Exercise description
Reproduce the closing run of lines below verbatim, from the line that contains "Some of the words" up to and including the final line.
::::::::::
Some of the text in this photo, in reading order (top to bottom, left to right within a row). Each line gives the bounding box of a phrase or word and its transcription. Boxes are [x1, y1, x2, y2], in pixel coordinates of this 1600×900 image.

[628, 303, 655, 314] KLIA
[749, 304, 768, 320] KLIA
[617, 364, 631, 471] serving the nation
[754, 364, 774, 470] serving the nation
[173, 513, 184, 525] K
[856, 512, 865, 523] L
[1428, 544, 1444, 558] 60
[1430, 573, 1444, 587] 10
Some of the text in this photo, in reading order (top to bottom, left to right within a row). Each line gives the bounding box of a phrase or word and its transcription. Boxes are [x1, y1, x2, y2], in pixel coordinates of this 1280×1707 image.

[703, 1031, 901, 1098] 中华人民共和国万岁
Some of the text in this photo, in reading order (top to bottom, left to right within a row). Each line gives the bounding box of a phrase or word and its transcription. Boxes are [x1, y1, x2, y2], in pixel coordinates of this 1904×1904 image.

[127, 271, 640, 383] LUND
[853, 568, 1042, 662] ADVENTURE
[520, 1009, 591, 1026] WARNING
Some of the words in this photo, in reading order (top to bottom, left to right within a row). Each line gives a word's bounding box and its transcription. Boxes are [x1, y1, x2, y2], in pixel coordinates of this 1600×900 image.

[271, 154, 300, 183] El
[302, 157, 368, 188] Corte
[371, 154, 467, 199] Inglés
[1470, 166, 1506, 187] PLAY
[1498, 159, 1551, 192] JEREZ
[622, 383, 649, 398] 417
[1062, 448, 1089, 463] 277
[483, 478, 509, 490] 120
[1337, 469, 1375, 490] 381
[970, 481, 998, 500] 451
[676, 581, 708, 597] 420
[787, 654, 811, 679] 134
::::::::::
Answer to this exercise
Some of the words in this photo, in reading order (top to bottom, left to right within a row). Each line gives a word's bounding box and its transcription. Boxes are [x1, y1, x2, y2], in pixel coordinates of this 1600×900 image.

[271, 154, 300, 183] El
[302, 157, 368, 188] Corte
[371, 154, 467, 199] Inglés
[1470, 166, 1506, 187] PLAY
[1498, 159, 1551, 192] JEREZ
[622, 383, 649, 398] 417
[1062, 448, 1089, 463] 277
[483, 478, 509, 490] 120
[1337, 469, 1375, 490] 381
[970, 481, 998, 500] 451
[676, 581, 708, 597] 420
[787, 654, 811, 679] 134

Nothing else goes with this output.